[PROBLEM STATEMENT]
In the answer, each line must appear exactly as in the records, and no picture may appear.

[INFORMATION PROVIDED]

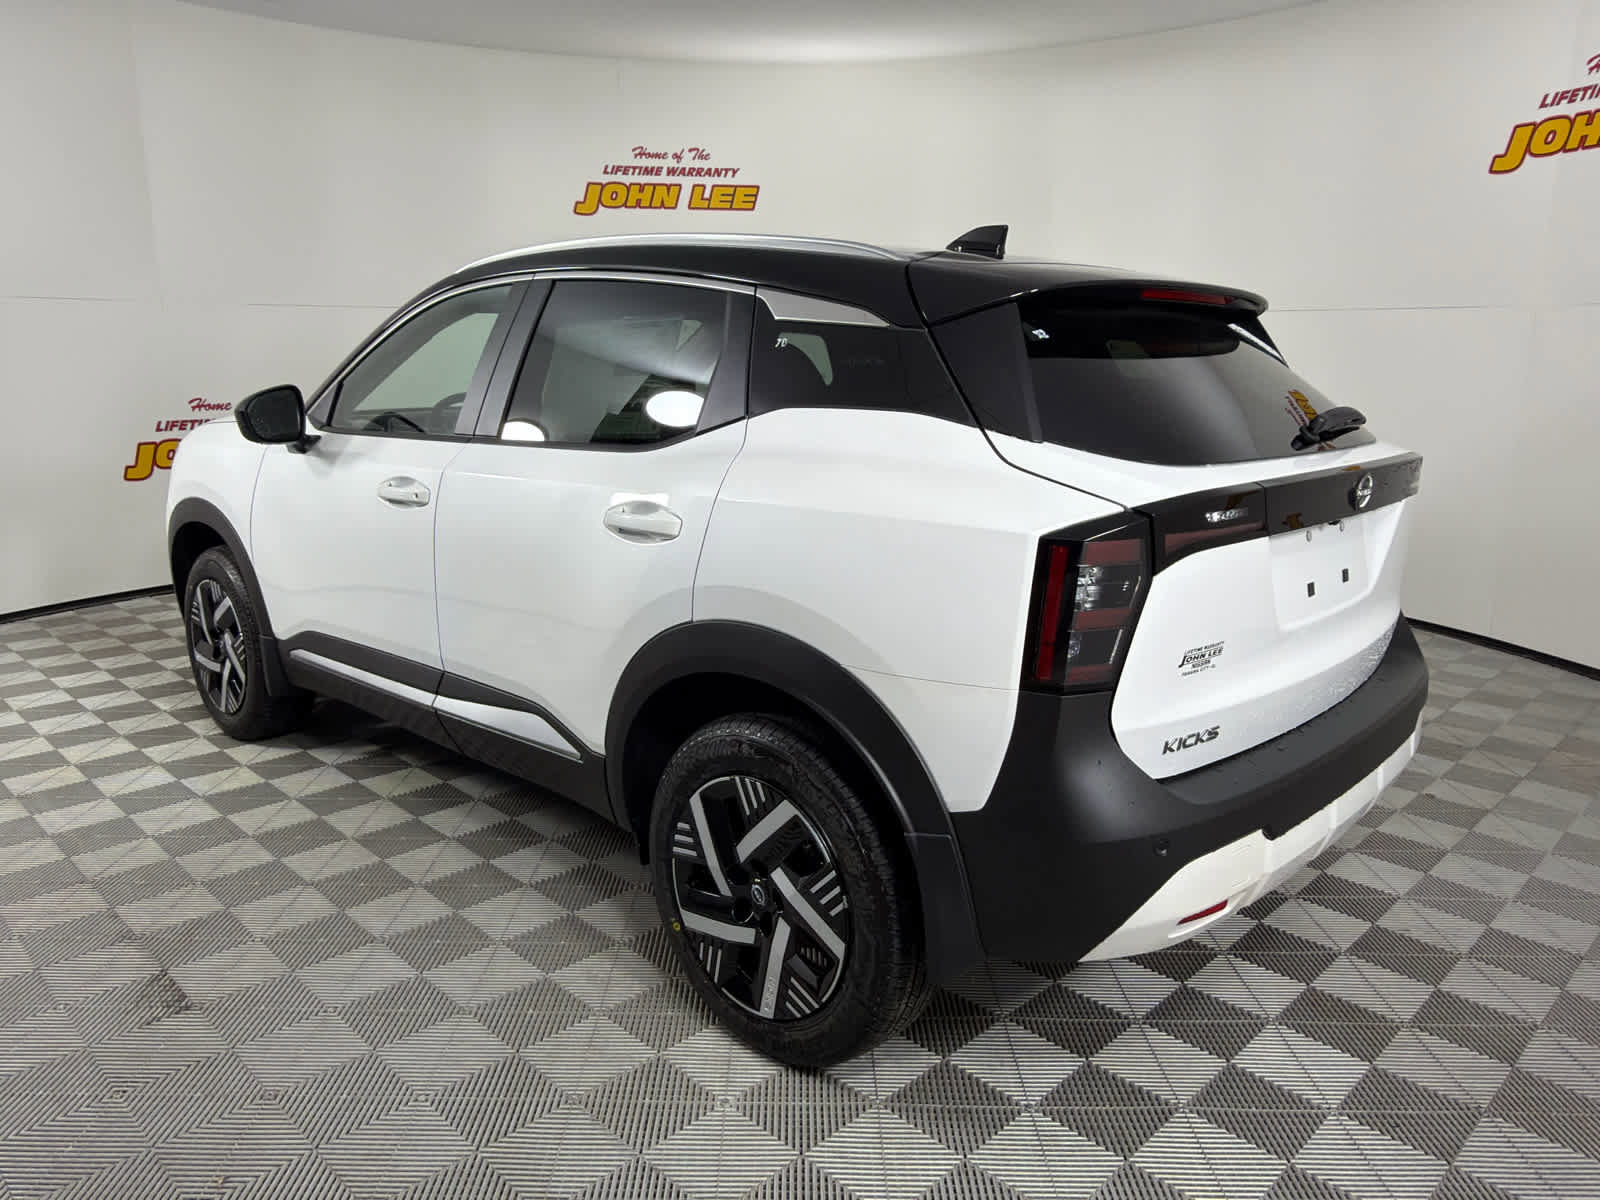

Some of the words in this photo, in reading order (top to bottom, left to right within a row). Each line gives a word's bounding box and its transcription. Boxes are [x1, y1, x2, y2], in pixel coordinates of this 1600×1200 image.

[1539, 83, 1600, 109] LIFETI
[631, 146, 669, 160] Home
[671, 149, 685, 164] of
[688, 147, 711, 161] The
[602, 165, 664, 177] LIFETIME
[666, 167, 740, 178] WARRANTY
[573, 181, 682, 216] JOHN
[688, 184, 760, 211] LEE
[187, 397, 232, 412] Home
[155, 419, 211, 432] LIFETI
[124, 438, 182, 481] JO
[1178, 653, 1206, 668] JOHN
[1207, 646, 1224, 657] LEE
[1162, 725, 1220, 755] KICKS
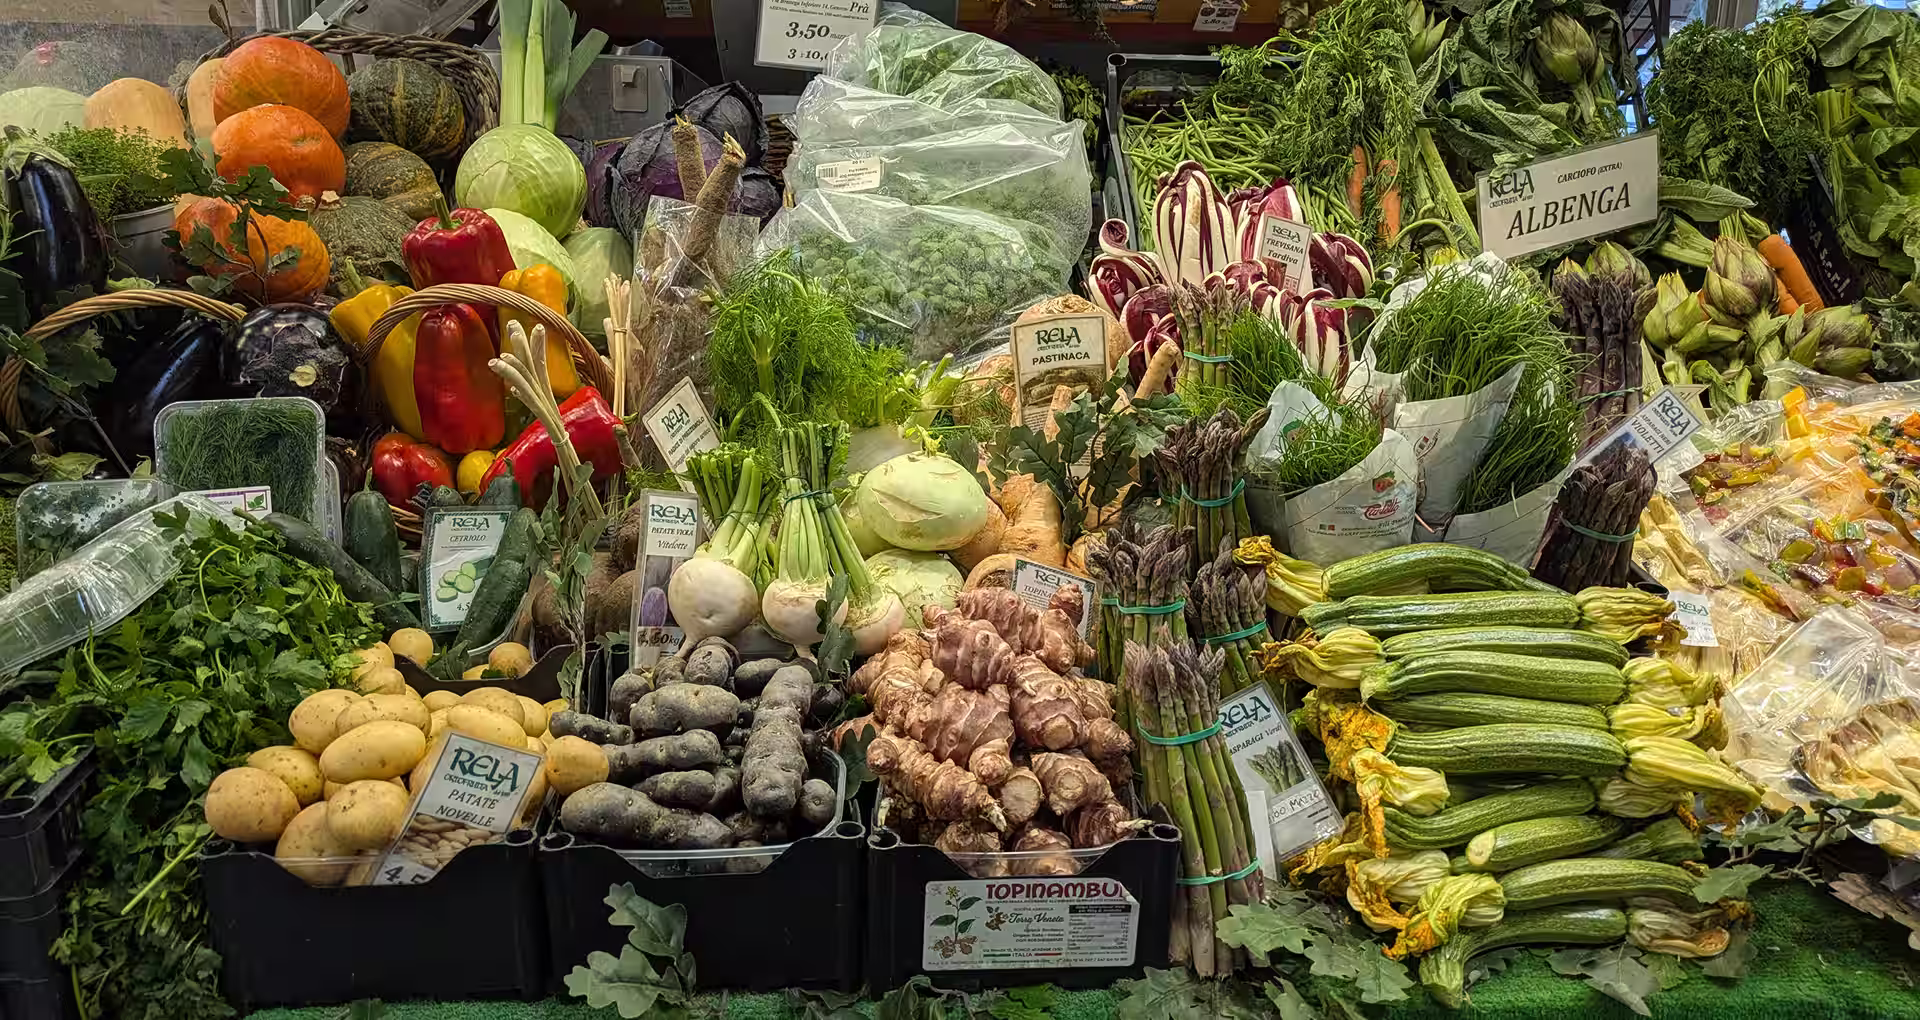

[RESULT BELOW]
Some of the words in this photo, in reading order (top to bottom, left to right within a row). Each line gives a word's bounding box and its transcription. Boxes are [x1, y1, x2, y2], in pixel coordinates of this 1600×1200 image.

[1539, 83, 1600, 109] LIFETI
[631, 146, 669, 160] Home
[671, 149, 685, 164] of
[688, 147, 711, 161] The
[602, 165, 664, 177] LIFETIME
[666, 167, 740, 178] WARRANTY
[573, 181, 682, 216] JOHN
[688, 184, 760, 211] LEE
[187, 397, 232, 412] Home
[155, 419, 211, 432] LIFETI
[124, 438, 182, 481] JO
[1178, 653, 1206, 668] JOHN
[1207, 646, 1224, 657] LEE
[1162, 725, 1220, 755] KICKS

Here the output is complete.